* [Aim of the exercise]: Please print all of the records that follow with nothing altered.

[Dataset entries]
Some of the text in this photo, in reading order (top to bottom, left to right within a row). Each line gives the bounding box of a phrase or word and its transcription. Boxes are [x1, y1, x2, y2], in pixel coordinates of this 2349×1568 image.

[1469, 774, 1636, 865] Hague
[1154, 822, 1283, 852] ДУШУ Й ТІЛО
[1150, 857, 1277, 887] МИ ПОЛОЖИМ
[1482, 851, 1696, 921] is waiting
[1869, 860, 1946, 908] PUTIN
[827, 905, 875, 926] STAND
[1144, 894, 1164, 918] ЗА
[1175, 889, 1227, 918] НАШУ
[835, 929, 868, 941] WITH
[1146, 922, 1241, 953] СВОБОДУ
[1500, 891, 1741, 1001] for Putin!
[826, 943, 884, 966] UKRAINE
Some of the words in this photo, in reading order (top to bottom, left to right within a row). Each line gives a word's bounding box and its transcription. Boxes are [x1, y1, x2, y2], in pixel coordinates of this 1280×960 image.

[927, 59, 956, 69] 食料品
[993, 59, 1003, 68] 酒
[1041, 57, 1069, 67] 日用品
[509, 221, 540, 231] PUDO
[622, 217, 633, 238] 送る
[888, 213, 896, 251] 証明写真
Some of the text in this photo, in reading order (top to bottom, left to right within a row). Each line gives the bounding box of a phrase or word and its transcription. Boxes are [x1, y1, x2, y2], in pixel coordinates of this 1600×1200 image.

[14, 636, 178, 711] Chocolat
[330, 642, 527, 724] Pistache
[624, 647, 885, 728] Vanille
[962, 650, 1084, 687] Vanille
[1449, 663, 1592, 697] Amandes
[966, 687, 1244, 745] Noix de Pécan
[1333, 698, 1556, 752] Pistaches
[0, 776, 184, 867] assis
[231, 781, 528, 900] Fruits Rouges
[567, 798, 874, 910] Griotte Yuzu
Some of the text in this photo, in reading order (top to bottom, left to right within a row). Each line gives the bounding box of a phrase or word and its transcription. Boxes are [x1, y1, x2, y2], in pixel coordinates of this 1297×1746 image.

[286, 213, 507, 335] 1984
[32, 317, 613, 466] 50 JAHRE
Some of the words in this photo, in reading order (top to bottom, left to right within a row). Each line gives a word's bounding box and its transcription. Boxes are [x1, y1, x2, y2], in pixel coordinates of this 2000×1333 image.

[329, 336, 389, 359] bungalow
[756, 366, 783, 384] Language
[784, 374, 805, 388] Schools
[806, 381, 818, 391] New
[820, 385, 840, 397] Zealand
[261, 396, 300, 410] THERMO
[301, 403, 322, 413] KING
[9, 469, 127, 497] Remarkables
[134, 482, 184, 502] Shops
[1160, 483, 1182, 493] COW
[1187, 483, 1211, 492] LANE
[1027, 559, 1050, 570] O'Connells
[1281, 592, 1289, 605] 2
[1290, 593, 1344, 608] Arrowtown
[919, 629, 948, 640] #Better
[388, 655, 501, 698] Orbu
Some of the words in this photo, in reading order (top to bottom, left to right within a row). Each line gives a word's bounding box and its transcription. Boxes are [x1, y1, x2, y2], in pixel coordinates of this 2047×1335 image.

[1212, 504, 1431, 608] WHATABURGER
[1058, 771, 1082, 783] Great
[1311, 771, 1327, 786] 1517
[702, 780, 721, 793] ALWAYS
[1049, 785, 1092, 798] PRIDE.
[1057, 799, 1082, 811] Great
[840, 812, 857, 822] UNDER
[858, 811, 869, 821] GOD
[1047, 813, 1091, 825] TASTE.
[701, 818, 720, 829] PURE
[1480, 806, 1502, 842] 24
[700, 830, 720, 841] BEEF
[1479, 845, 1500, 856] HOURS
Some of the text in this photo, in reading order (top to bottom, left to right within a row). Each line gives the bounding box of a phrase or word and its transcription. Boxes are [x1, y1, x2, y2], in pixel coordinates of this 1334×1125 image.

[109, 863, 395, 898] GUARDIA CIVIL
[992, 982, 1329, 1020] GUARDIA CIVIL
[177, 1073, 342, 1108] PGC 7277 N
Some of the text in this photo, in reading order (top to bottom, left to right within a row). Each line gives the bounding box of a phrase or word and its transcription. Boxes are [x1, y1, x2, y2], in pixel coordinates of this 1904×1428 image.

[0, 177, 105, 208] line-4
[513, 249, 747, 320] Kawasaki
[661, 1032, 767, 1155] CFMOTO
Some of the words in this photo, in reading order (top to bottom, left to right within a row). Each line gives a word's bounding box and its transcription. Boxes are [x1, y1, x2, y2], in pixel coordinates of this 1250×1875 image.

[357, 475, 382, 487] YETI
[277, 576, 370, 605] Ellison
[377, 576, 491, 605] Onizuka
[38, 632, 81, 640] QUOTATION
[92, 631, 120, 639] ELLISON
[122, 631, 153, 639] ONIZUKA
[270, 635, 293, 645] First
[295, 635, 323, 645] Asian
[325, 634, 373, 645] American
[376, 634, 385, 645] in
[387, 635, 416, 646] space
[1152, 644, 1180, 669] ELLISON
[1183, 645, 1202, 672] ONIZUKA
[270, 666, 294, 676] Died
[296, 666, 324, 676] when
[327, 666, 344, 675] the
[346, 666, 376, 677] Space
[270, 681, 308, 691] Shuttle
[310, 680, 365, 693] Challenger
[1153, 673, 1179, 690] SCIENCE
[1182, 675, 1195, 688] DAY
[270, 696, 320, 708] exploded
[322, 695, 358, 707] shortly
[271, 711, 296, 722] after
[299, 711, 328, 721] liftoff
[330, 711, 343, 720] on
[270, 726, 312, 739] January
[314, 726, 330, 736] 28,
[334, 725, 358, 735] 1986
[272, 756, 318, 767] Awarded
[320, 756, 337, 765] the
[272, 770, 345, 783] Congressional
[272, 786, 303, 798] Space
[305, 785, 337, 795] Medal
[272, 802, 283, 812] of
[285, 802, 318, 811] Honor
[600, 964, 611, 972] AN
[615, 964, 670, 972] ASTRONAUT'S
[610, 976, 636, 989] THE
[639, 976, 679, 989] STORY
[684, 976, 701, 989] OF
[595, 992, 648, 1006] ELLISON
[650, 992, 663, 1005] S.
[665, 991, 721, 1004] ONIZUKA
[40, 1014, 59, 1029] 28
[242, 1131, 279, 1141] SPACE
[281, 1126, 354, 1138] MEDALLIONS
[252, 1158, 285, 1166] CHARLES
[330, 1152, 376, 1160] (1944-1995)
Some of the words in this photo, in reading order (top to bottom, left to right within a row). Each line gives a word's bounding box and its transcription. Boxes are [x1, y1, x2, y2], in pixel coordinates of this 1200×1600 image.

* [Answer for this exercise]:
Some of the text in this photo, in reading order (top to bottom, left to right within a row). Each line gives the bounding box of a phrase or word and its transcription. Boxes are [x1, y1, x2, y2], in pixel coordinates of this 2349×1568 image.

[1469, 774, 1636, 865] Hague
[1154, 822, 1283, 852] ДУШУ Й ТІЛО
[1150, 857, 1277, 887] МИ ПОЛОЖИМ
[1482, 851, 1696, 921] is waiting
[1869, 860, 1946, 908] PUTIN
[827, 905, 875, 926] STAND
[1144, 894, 1164, 918] ЗА
[1175, 889, 1227, 918] НАШУ
[835, 929, 868, 941] WITH
[1146, 922, 1241, 953] СВОБОДУ
[1500, 891, 1741, 1001] for Putin!
[826, 943, 884, 966] UKRAINE
Some of the words in this photo, in reading order (top to bottom, left to right within a row). Each line gives a word's bounding box and its transcription. Boxes are [x1, y1, x2, y2], in pixel coordinates of this 1280×960 image.

[927, 59, 956, 69] 食料品
[993, 59, 1003, 68] 酒
[1041, 57, 1069, 67] 日用品
[509, 221, 540, 231] PUDO
[622, 217, 633, 238] 送る
[888, 213, 896, 251] 証明写真
Some of the text in this photo, in reading order (top to bottom, left to right within a row). Each line gives the bounding box of a phrase or word and its transcription. Boxes are [x1, y1, x2, y2], in pixel coordinates of this 1600×1200 image.

[14, 636, 178, 711] Chocolat
[330, 642, 527, 724] Pistache
[624, 647, 885, 728] Vanille
[962, 650, 1084, 687] Vanille
[1449, 663, 1592, 697] Amandes
[966, 687, 1244, 745] Noix de Pécan
[1333, 698, 1556, 752] Pistaches
[0, 776, 184, 867] assis
[231, 781, 528, 900] Fruits Rouges
[567, 798, 874, 910] Griotte Yuzu
Some of the text in this photo, in reading order (top to bottom, left to right within a row). Each line gives the bounding box of a phrase or word and its transcription. Boxes are [x1, y1, x2, y2], in pixel coordinates of this 1297×1746 image.

[286, 213, 507, 335] 1984
[32, 317, 613, 466] 50 JAHRE
Some of the words in this photo, in reading order (top to bottom, left to right within a row). Each line gives a word's bounding box and its transcription. Boxes are [x1, y1, x2, y2], in pixel coordinates of this 2000×1333 image.

[329, 336, 389, 359] bungalow
[756, 366, 783, 384] Language
[784, 374, 805, 388] Schools
[806, 381, 818, 391] New
[820, 385, 840, 397] Zealand
[261, 396, 300, 410] THERMO
[301, 403, 322, 413] KING
[9, 469, 127, 497] Remarkables
[134, 482, 184, 502] Shops
[1160, 483, 1182, 493] COW
[1187, 483, 1211, 492] LANE
[1027, 559, 1050, 570] O'Connells
[1281, 592, 1289, 605] 2
[1290, 593, 1344, 608] Arrowtown
[919, 629, 948, 640] #Better
[388, 655, 501, 698] Orbu
Some of the words in this photo, in reading order (top to bottom, left to right within a row). Each line gives a word's bounding box and its transcription. Boxes are [x1, y1, x2, y2], in pixel coordinates of this 2047×1335 image.

[1212, 504, 1431, 608] WHATABURGER
[1058, 771, 1082, 783] Great
[1311, 771, 1327, 786] 1517
[702, 780, 721, 793] ALWAYS
[1049, 785, 1092, 798] PRIDE.
[1057, 799, 1082, 811] Great
[840, 812, 857, 822] UNDER
[858, 811, 869, 821] GOD
[1047, 813, 1091, 825] TASTE.
[701, 818, 720, 829] PURE
[1480, 806, 1502, 842] 24
[700, 830, 720, 841] BEEF
[1479, 845, 1500, 856] HOURS
Some of the text in this photo, in reading order (top to bottom, left to right within a row). Each line gives the bounding box of a phrase or word and its transcription. Boxes are [x1, y1, x2, y2], in pixel coordinates of this 1334×1125 image.

[109, 863, 395, 898] GUARDIA CIVIL
[992, 982, 1329, 1020] GUARDIA CIVIL
[177, 1073, 342, 1108] PGC 7277 N
Some of the text in this photo, in reading order (top to bottom, left to right within a row). Each line gives the bounding box of a phrase or word and its transcription. Boxes are [x1, y1, x2, y2], in pixel coordinates of this 1904×1428 image.

[0, 177, 105, 208] line-4
[513, 249, 747, 320] Kawasaki
[661, 1032, 767, 1155] CFMOTO
Some of the words in this photo, in reading order (top to bottom, left to right within a row). Each line gives a word's bounding box and its transcription. Boxes are [x1, y1, x2, y2], in pixel coordinates of this 1250×1875 image.

[357, 475, 382, 487] YETI
[277, 576, 370, 605] Ellison
[377, 576, 491, 605] Onizuka
[38, 632, 81, 640] QUOTATION
[92, 631, 120, 639] ELLISON
[122, 631, 153, 639] ONIZUKA
[270, 635, 293, 645] First
[295, 635, 323, 645] Asian
[325, 634, 373, 645] American
[376, 634, 385, 645] in
[387, 635, 416, 646] space
[1152, 644, 1180, 669] ELLISON
[1183, 645, 1202, 672] ONIZUKA
[270, 666, 294, 676] Died
[296, 666, 324, 676] when
[327, 666, 344, 675] the
[346, 666, 376, 677] Space
[270, 681, 308, 691] Shuttle
[310, 680, 365, 693] Challenger
[1153, 673, 1179, 690] SCIENCE
[1182, 675, 1195, 688] DAY
[270, 696, 320, 708] exploded
[322, 695, 358, 707] shortly
[271, 711, 296, 722] after
[299, 711, 328, 721] liftoff
[330, 711, 343, 720] on
[270, 726, 312, 739] January
[314, 726, 330, 736] 28,
[334, 725, 358, 735] 1986
[272, 756, 318, 767] Awarded
[320, 756, 337, 765] the
[272, 770, 345, 783] Congressional
[272, 786, 303, 798] Space
[305, 785, 337, 795] Medal
[272, 802, 283, 812] of
[285, 802, 318, 811] Honor
[600, 964, 611, 972] AN
[615, 964, 670, 972] ASTRONAUT'S
[610, 976, 636, 989] THE
[639, 976, 679, 989] STORY
[684, 976, 701, 989] OF
[595, 992, 648, 1006] ELLISON
[650, 992, 663, 1005] S.
[665, 991, 721, 1004] ONIZUKA
[40, 1014, 59, 1029] 28
[242, 1131, 279, 1141] SPACE
[281, 1126, 354, 1138] MEDALLIONS
[252, 1158, 285, 1166] CHARLES
[330, 1152, 376, 1160] (1944-1995)
Some of the words in this photo, in reading order (top to bottom, left to right within a row). Each line gives a word's bounding box and its transcription. Boxes are [x1, y1, x2, y2], in pixel coordinates of this 1200×1600 image.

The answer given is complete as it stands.